Wednesday, October 21, 2009

Cherokee Fall Folklore

Weather has long been a popular folklore topic. Weather Lore (folk explanations about the seasons) explores the beliefs a group of people have about the weather conditions they experience. Why seasons exist and what that means are common questions that weather lore addresses. As you will see by this Cherokee explanation of fall, the explanations can make seasonal differences more understandable:

Back in the early days, when plants and animals were first made, they were told to fast and stay awake for seven days to gain spirit power. All were anxious to gain power so they tried to do as instructed and most were able to stay awake through the first night. The next night some started to fall asleep, and by the third night many of them were asleep. By the seventh night, only a few of the animals were awake. The panther, the owl and one or two others managed to stay awake and as their reward they were given the power to see and go about in the dark. Many of the plants also fell asleep and of the trees, only the cedar, the spruce, the pine, the holly, and the laurel were able to stay awake. As their reward, these were allowed to be always green, while the others must lose their leaves in the fall.

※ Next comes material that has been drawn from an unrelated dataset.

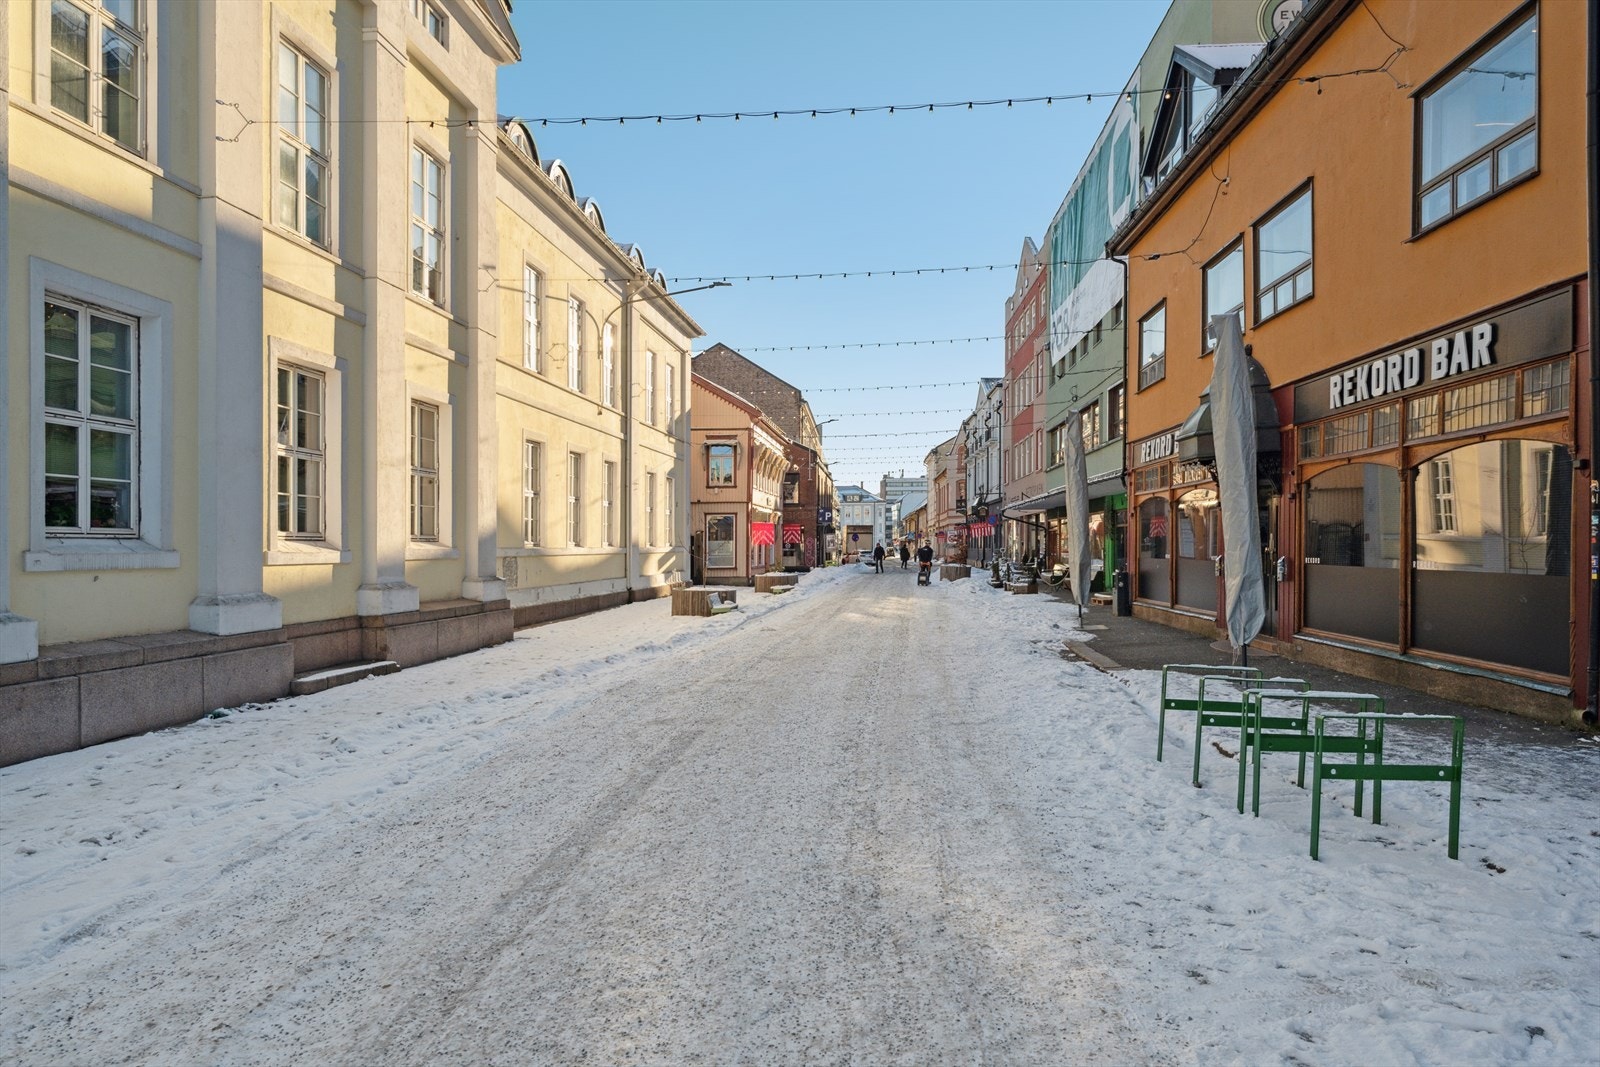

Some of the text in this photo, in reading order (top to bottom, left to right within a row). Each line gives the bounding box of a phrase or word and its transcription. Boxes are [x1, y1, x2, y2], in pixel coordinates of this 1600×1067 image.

Recorded by Anthropologist James Mooney in History, Myths, and Sacred Formulas of the Cherokee,this explanation addresses beliefs about why certain animals and plants are able to survive the darker, colder times of year.

Weather lore reflects creative and purposeful interpretations of the world in which we live. In some cases it is believed that human beings are closely connected to their environment and in other cases they are not. Regardless of that, all cultures and communities have reasons and explanations for the weather.